The state agency psychological consultants at the initial and reconsideration levels, Thomas Knox, Ph.D., and Mary Burkhart, Ph.D., both opined that Plaintiff had no severe mental impairments and therefore did not complete an RFC. (R. 76-77, 84-85, 91-92, 99100.) As reflected by the ALJ's finding that Plaintiff had severe mental impairments, the ALJ did not rely on the consultants' opinions. To the contrary, the ALJ found their opinions “minimally persuasive,” noting that they did not have the benefit of hearing the vocational expert's testimony or the opportunity to review subsequent records showing that Plaintiff sought treatment for mental health issues. (R. 28-29.) The findings of Drs. Knox and Burkhart cannot reasonably constitute substantial evidence for the ALJ's RFC assessment, because “as a practical matter,” the ALJ could not “have given any weight to the opinions” of the psychological consultants, “neither of whom had occasion to assess [Plaintiff's] mental RFC.” Staples v. Berryhill, No. 1:16-cv-00091-GZS, 2017 WL 1011426, at *4 (D. Me. Mar. 15, 2017) (aff'd, Mar. 30, 2017); see also Laura S. v. Soc. Sec. Admin. Comm'r, 2:18-cv-00375-JDL, 2019 WL 4046541, at *5 (D. Me. Aug. 27, 2019).

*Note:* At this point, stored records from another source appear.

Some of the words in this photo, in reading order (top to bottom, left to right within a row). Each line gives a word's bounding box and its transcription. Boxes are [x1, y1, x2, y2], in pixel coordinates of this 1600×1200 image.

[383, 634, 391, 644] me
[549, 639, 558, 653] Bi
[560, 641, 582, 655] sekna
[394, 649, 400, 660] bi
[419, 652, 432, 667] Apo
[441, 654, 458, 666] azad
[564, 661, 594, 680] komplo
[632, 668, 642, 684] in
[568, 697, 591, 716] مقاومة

In his assessment of Plaintiff's mental RFC, therefore, the ALJ did not rely on a medical expert. The limitations resulting from cyclothymia, adjustment disorder with mixed anxiety and depressed mood, and dysthymic disorder cannot reasonably be considered a commonsense judgment “apparent to a layperson.” Manso-Pizzaro, 76 F.3d at 17. Accordingly, the ALJ's RFC assessment is not supported by substantial evidence on the record.

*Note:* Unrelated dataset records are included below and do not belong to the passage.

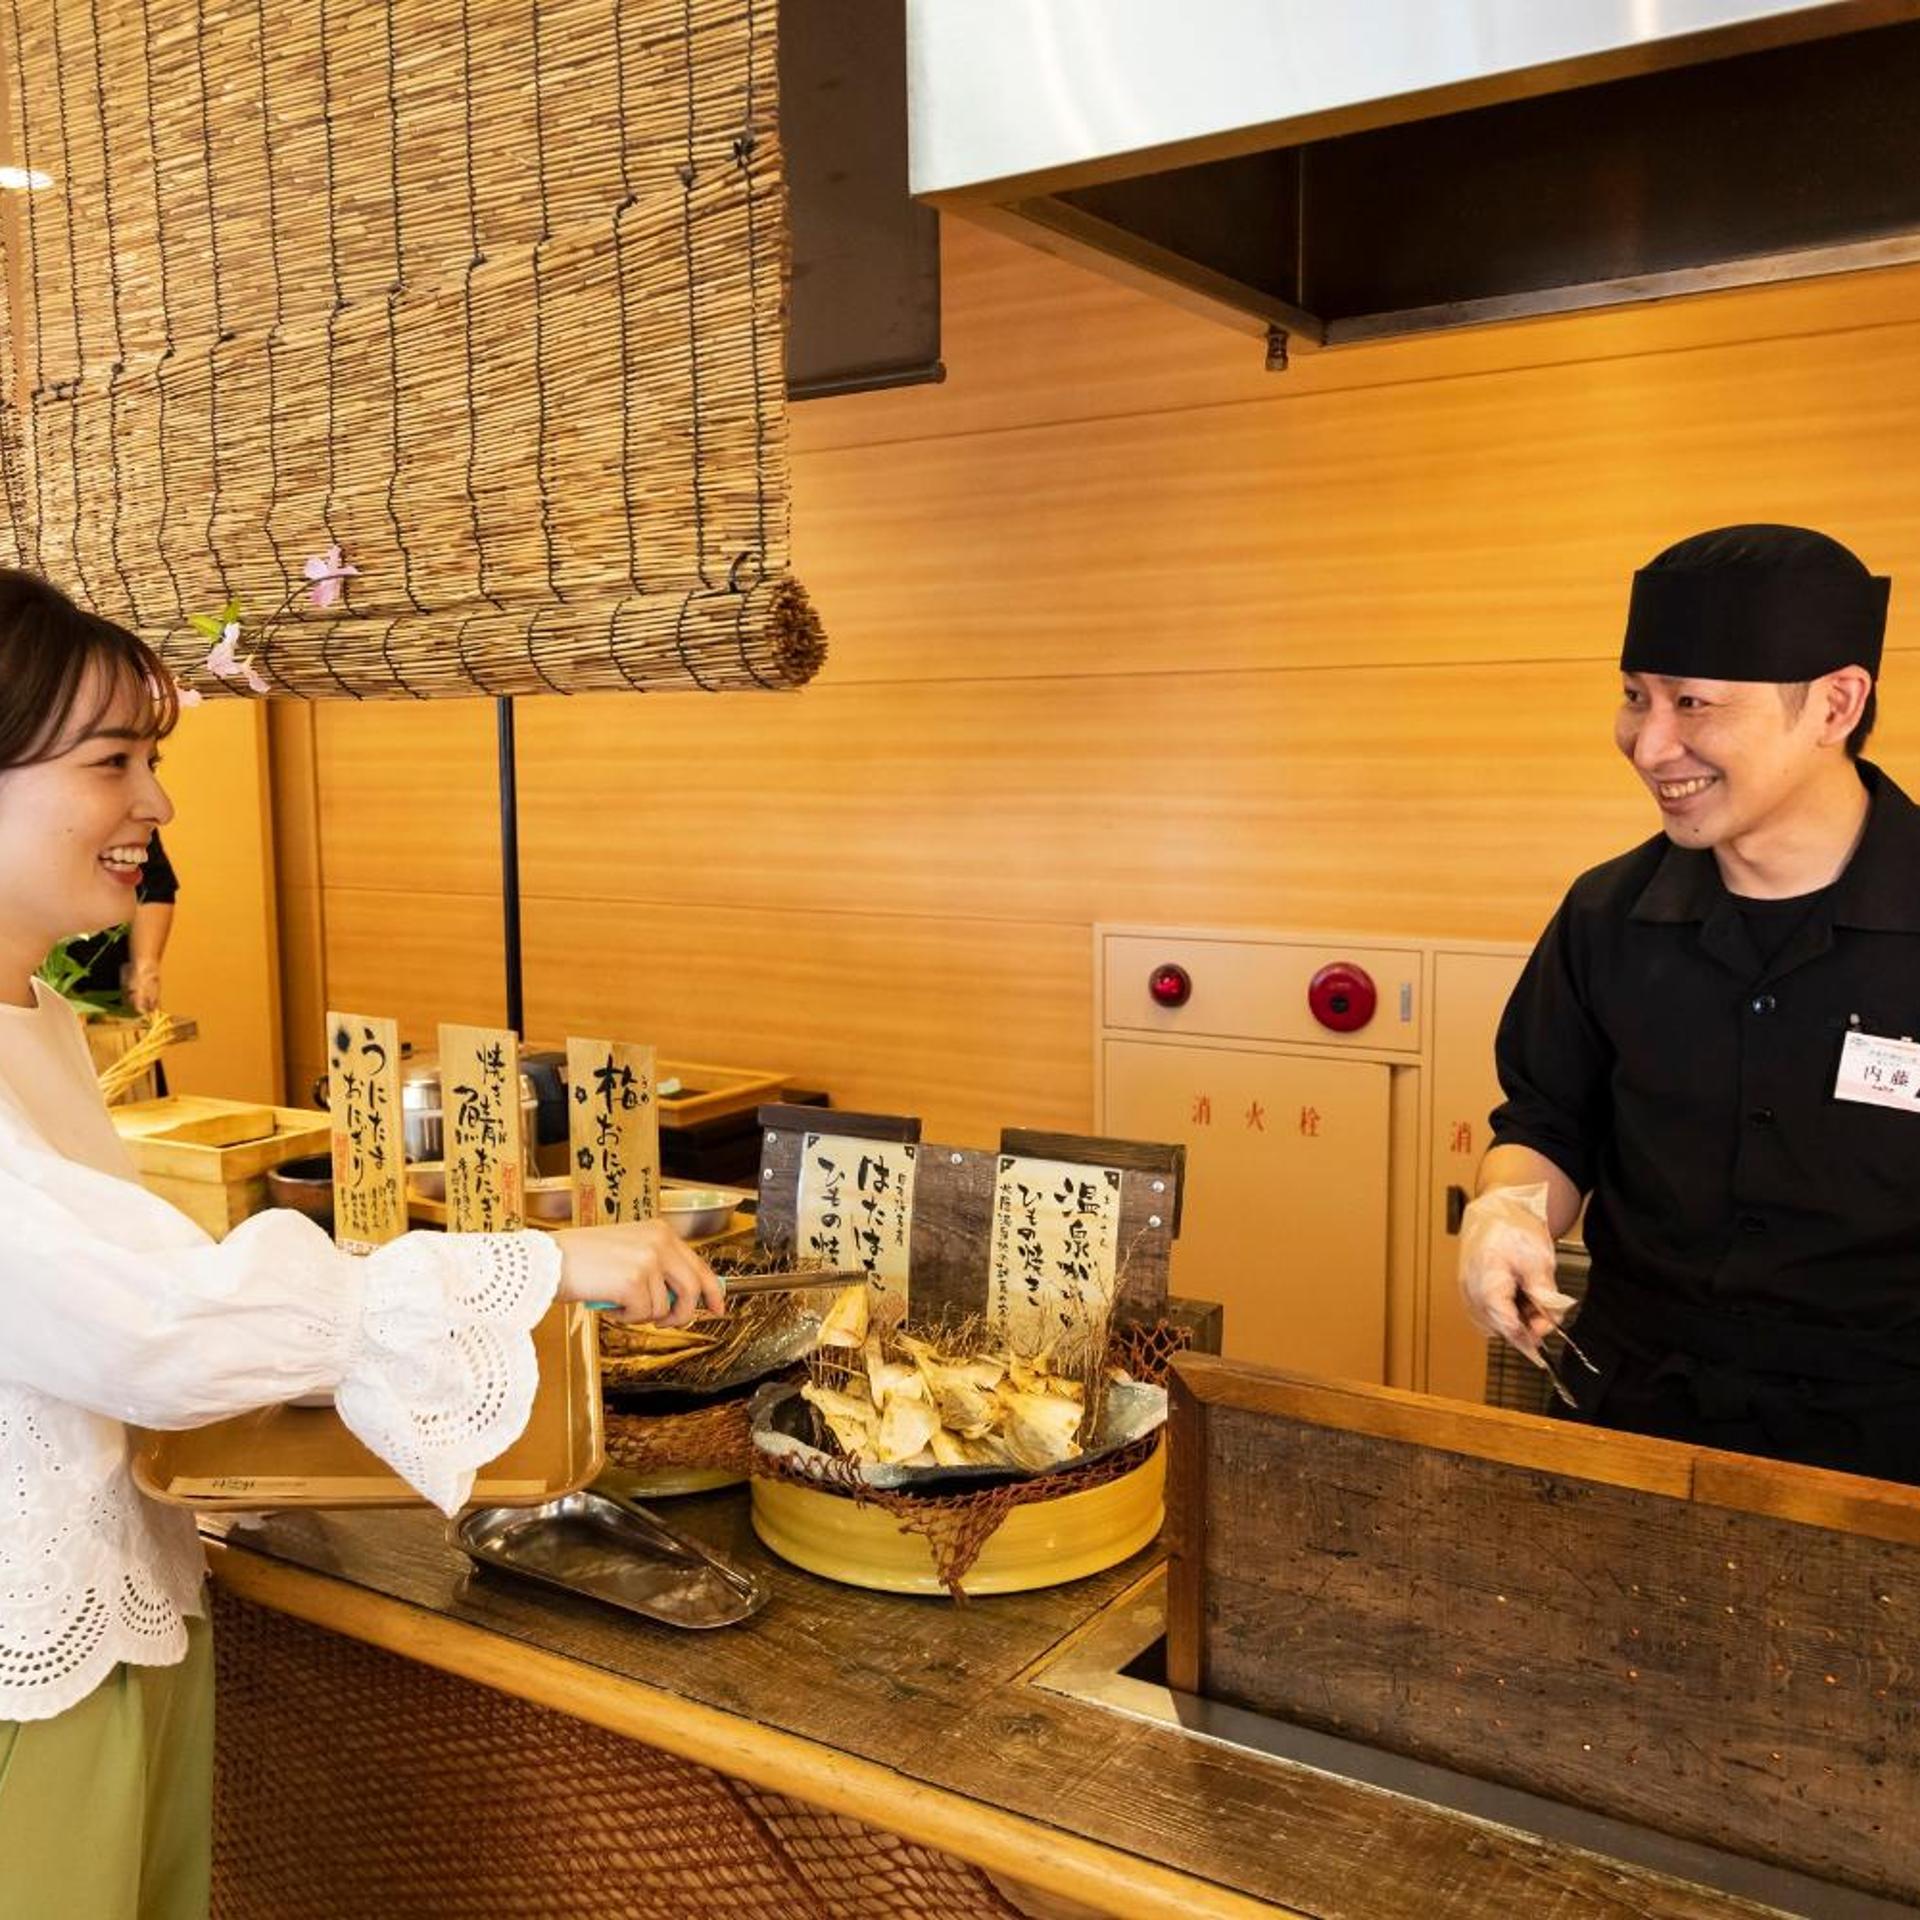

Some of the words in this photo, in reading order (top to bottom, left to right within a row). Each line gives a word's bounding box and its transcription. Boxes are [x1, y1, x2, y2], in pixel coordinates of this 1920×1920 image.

[343, 1073, 368, 1188] おにぎり
[361, 1026, 388, 1171] うにたま
[1192, 1096, 1322, 1138] 消火栓
[853, 1155, 891, 1292] はたはた
[1017, 1183, 1046, 1307] ひもの焼き

Plaintiff asserts several errors in the ALJ's decision, including a challenge to the ALJ's RFC assessment. Because I find the ALJ's RFC assessment is not supported by substantial evidence, I do not address Plaintiff's other arguments.
Conclusion
Based on the foregoing analysis, I recommend the Court vacate the administrative decision and remand the matter for further proceedings.
NOTICE
A party may file objections to those specified portions of a magistrate judge's report or proposed findings or recommended decisions entered pursuant to 28 U.S.C. § 636(b)(1)(B) for which de novo review by the district court is sought, together with a supporting memorandum, within fourteen (14) days of being served with a copy thereof. A responsive memorandum shall be filed within fourteen (14) days after the filing of the objection.
Failure to file a timely objection shall constitute a waiver of the right to de novo review by the district court and to appeal the district court's order.